**Extracted entries**

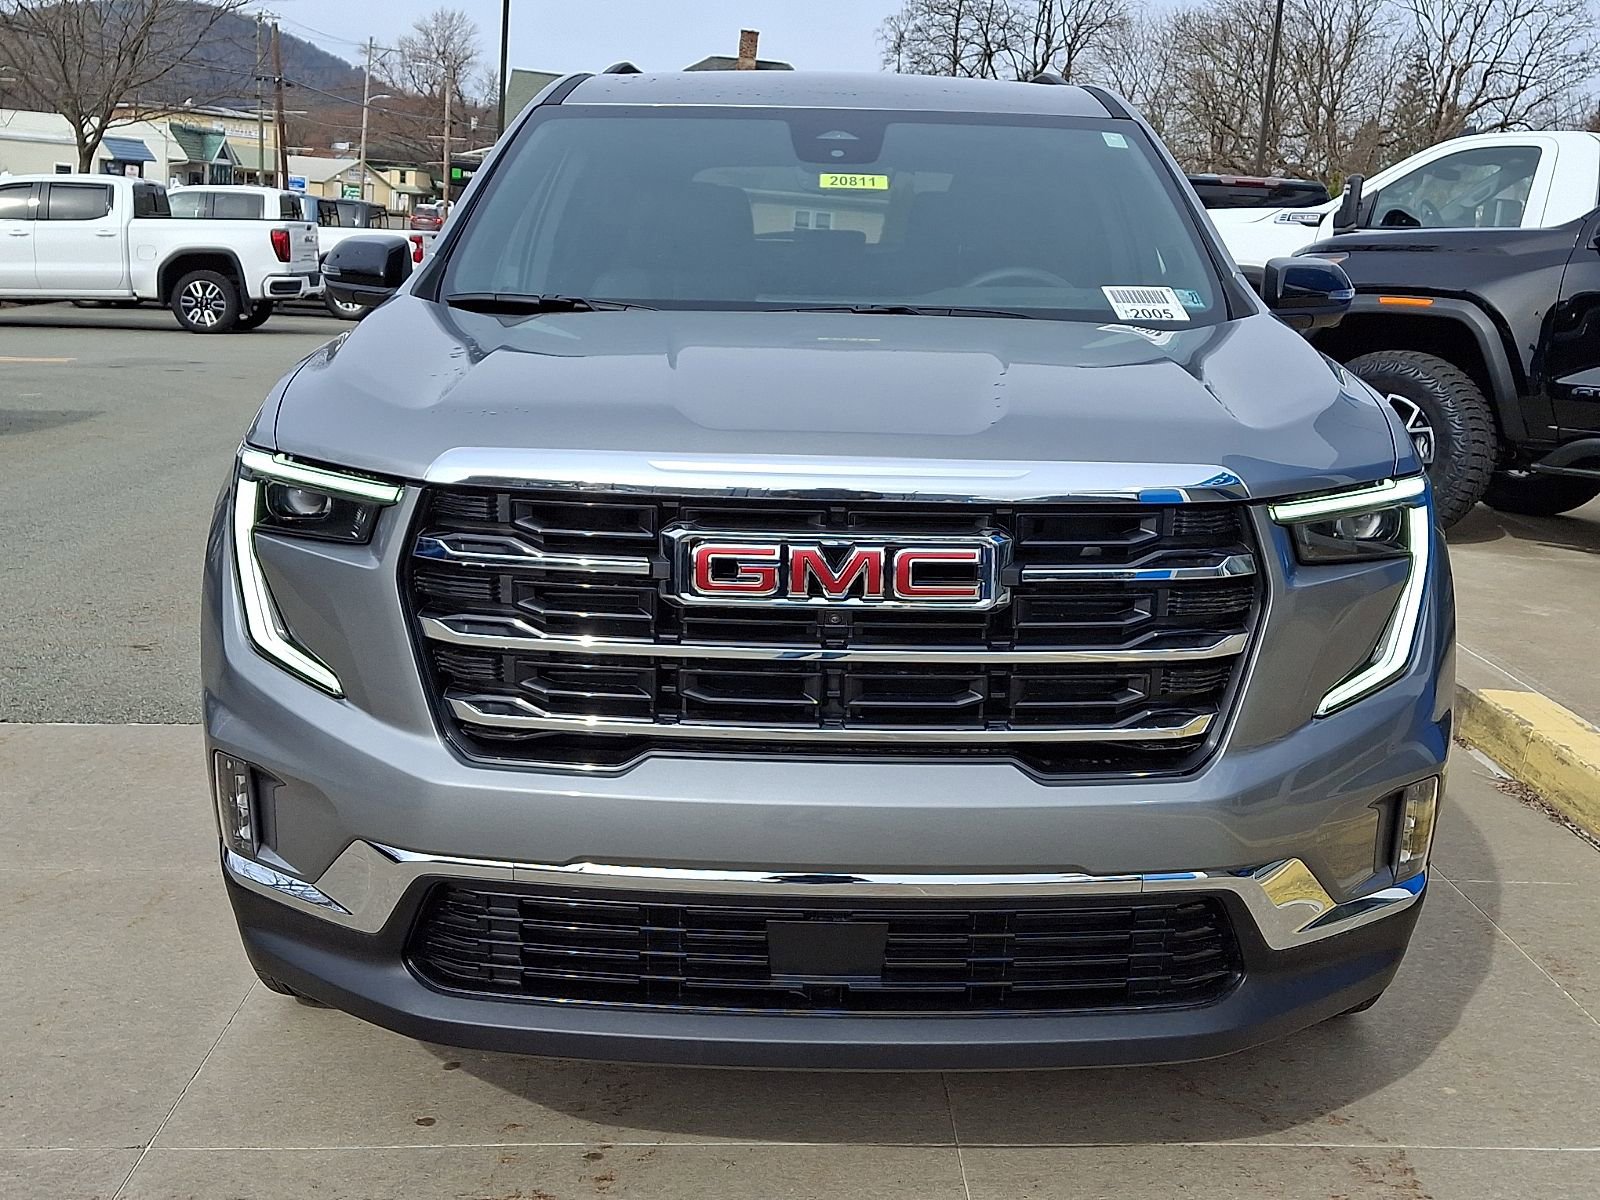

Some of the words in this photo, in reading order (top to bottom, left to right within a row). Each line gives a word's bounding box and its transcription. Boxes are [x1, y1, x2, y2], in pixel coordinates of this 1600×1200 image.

[829, 175, 875, 187] 20811
[1130, 308, 1174, 319] 2005
[691, 543, 982, 600] GMC
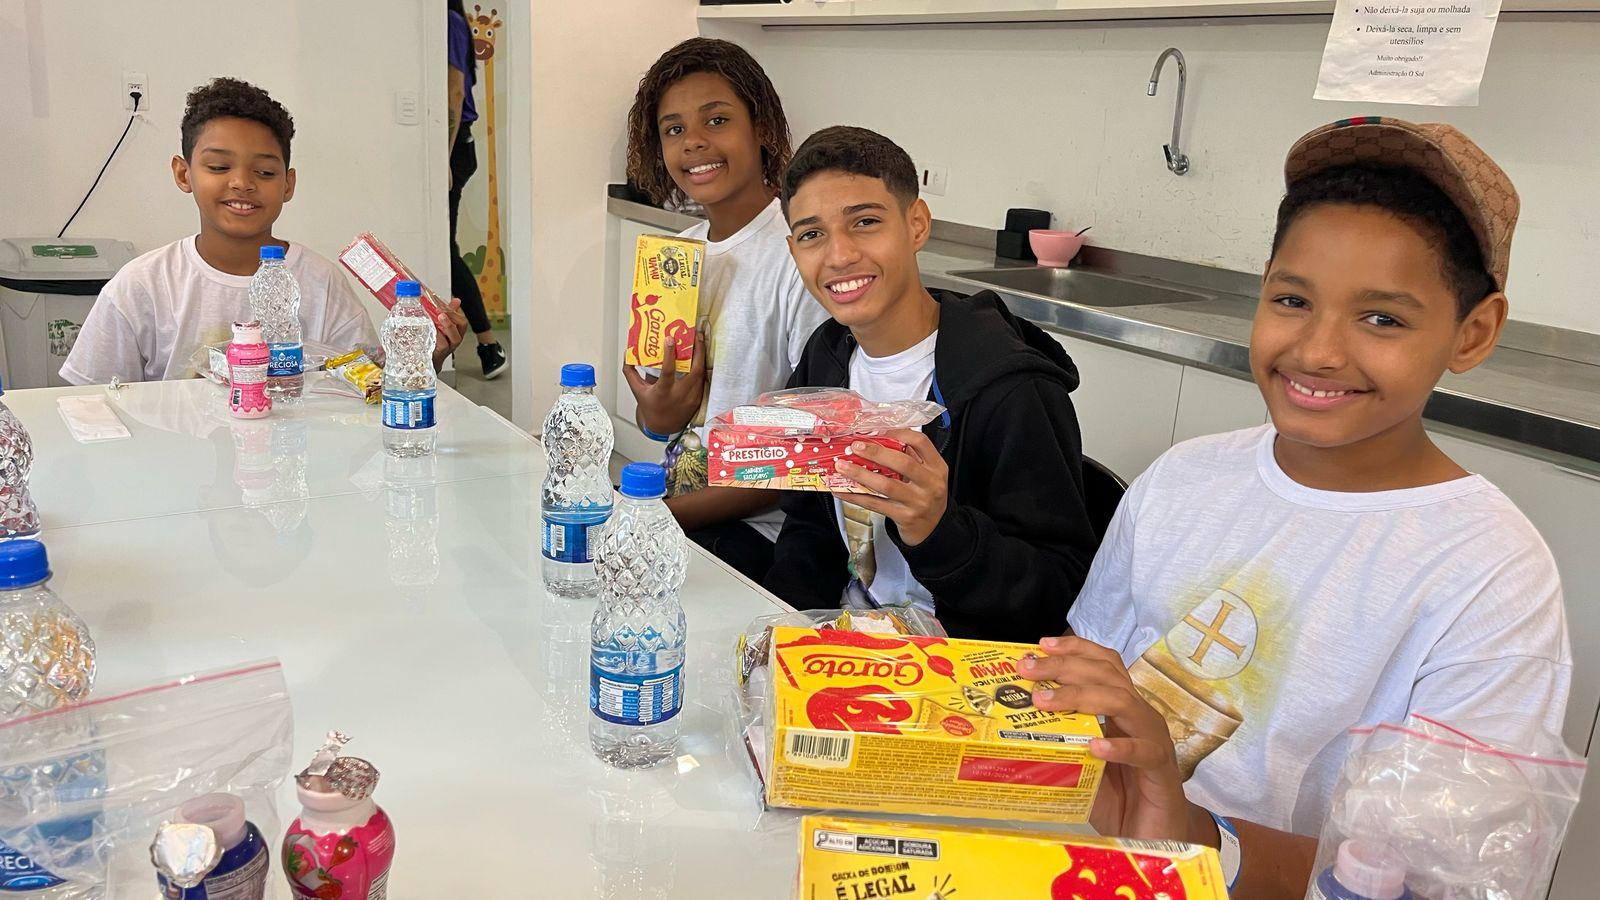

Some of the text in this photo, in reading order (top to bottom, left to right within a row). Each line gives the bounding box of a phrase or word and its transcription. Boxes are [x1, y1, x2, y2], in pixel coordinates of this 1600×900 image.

[1363, 6, 1378, 14] Não
[1379, 5, 1408, 14] deixá-la
[1410, 6, 1424, 15] suja
[1438, 5, 1471, 14] molhada
[1365, 25, 1396, 33] Deixá-la
[1416, 25, 1437, 35] limpa
[1389, 37, 1424, 45] utensílios
[1368, 69, 1408, 77] Administração
[647, 308, 666, 358] Garoto
[269, 361, 298, 369] RECIOSA
[729, 448, 784, 461] PRESTÍGIO
[804, 655, 924, 686] Garoto
[1000, 692, 1028, 702] TRUFA
[1005, 710, 1045, 723] LEGAL
[832, 871, 857, 882] CAIXA
[871, 861, 911, 876] BOMBOM
[851, 874, 916, 900] LEGAL
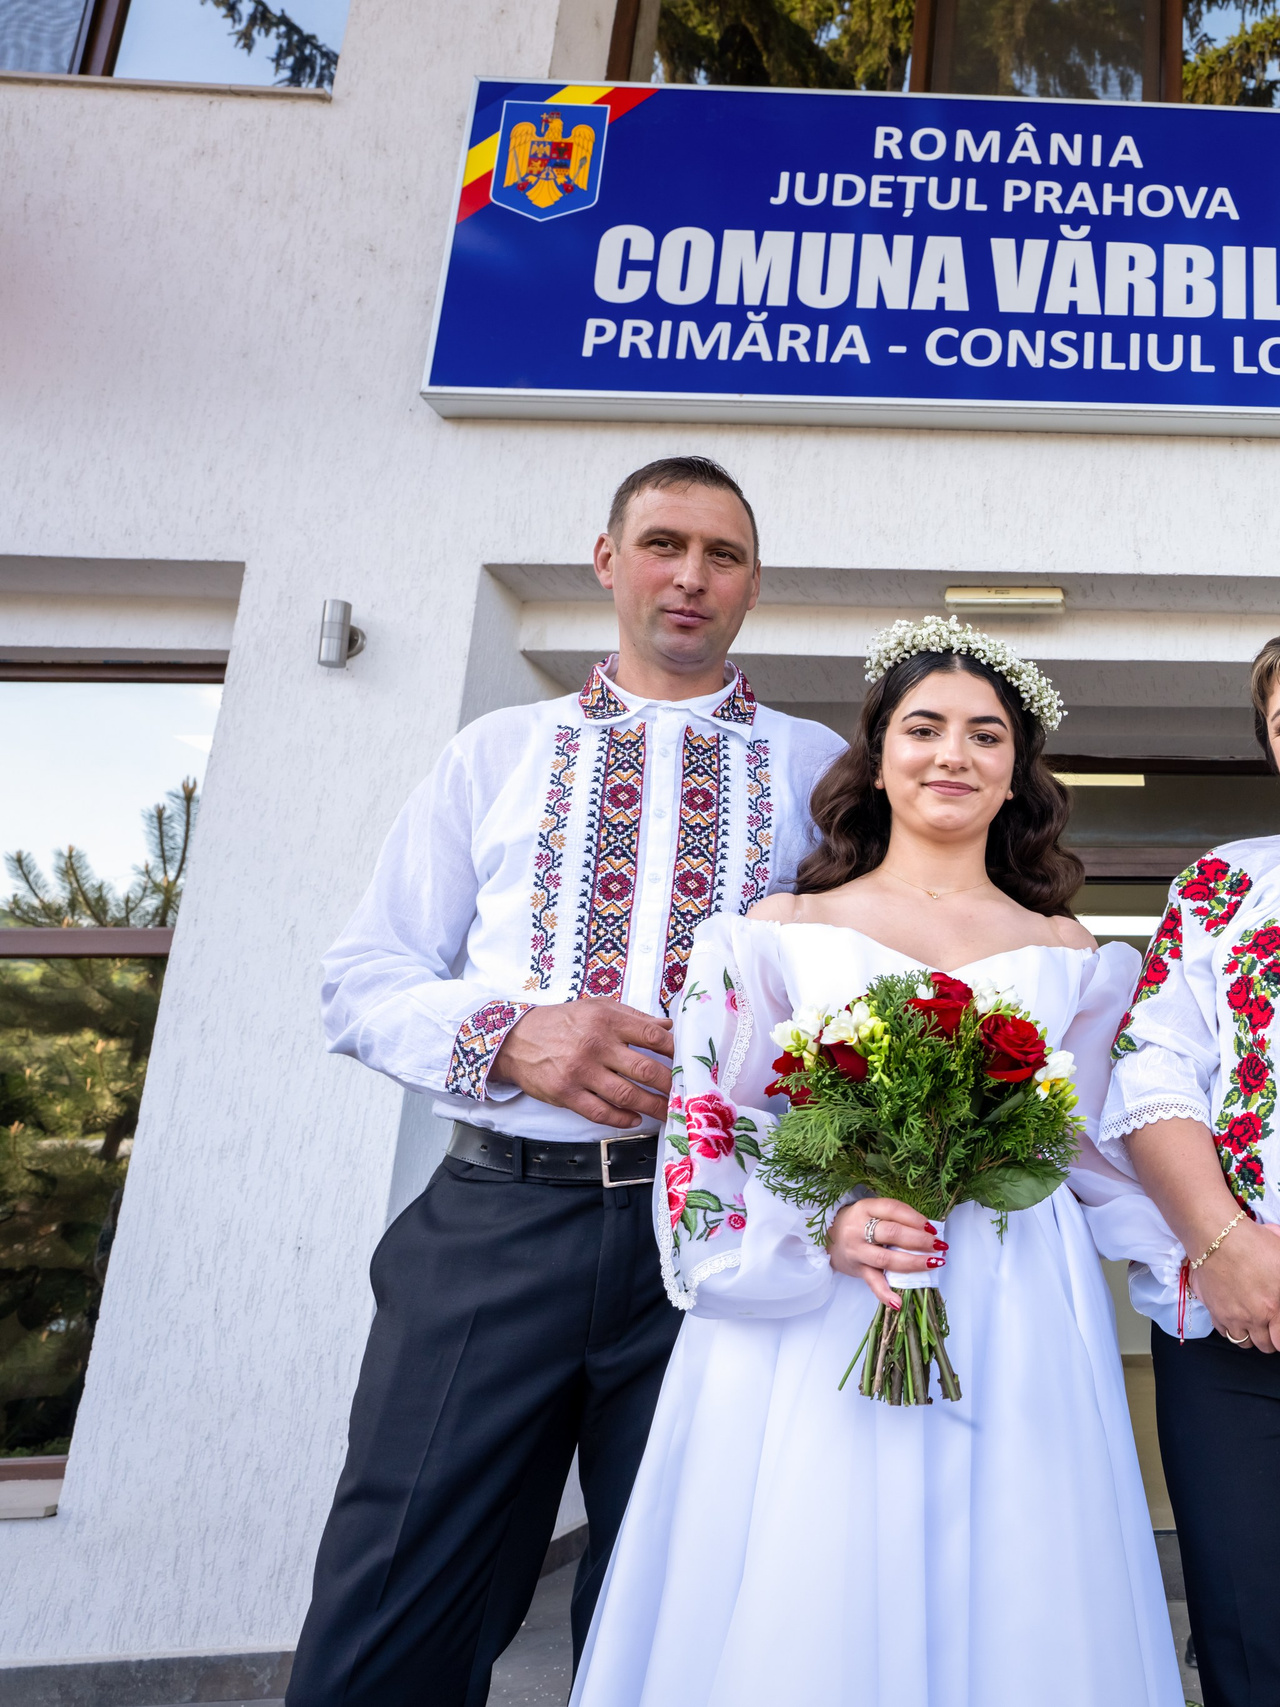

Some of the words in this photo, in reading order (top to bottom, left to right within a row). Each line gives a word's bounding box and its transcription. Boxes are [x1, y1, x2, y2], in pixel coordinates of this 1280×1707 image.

**What you should do**
Retype the listing above exactly as it appears, omitting the pictures.

**Expected output**
Some of the words in this photo, in reading order (top to bottom, left to right within a row). Each line gives a word's bounding box and its transcription. Boxes are [x1, y1, x2, y2], in pixel coordinates of this 1600×1200 image.

[829, 175, 875, 187] 20811
[1130, 308, 1174, 319] 2005
[691, 543, 982, 600] GMC

Some of the text in this photo, in reading order (top to bottom, left to right within a row). Each line gives the bounding box of a phrase or word and its transcription. Boxes are [x1, y1, x2, y2], in pixel coordinates of this 1600×900 image.

[1363, 6, 1378, 14] Não
[1379, 5, 1408, 14] deixá-la
[1410, 6, 1424, 15] suja
[1438, 5, 1471, 14] molhada
[1365, 25, 1396, 33] Deixá-la
[1416, 25, 1437, 35] limpa
[1389, 37, 1424, 45] utensílios
[1368, 69, 1408, 77] Administração
[647, 308, 666, 358] Garoto
[269, 361, 298, 369] RECIOSA
[729, 448, 784, 461] PRESTÍGIO
[804, 655, 924, 686] Garoto
[1000, 692, 1028, 702] TRUFA
[1005, 710, 1045, 723] LEGAL
[832, 871, 857, 882] CAIXA
[871, 861, 911, 876] BOMBOM
[851, 874, 916, 900] LEGAL

Some of the words in this photo, in reading order (top to bottom, left to right within a row). Each line gives a word's bounding box and its transcription. Boxes are [x1, y1, x2, y2], in pixel coordinates of this 1280×1707 image.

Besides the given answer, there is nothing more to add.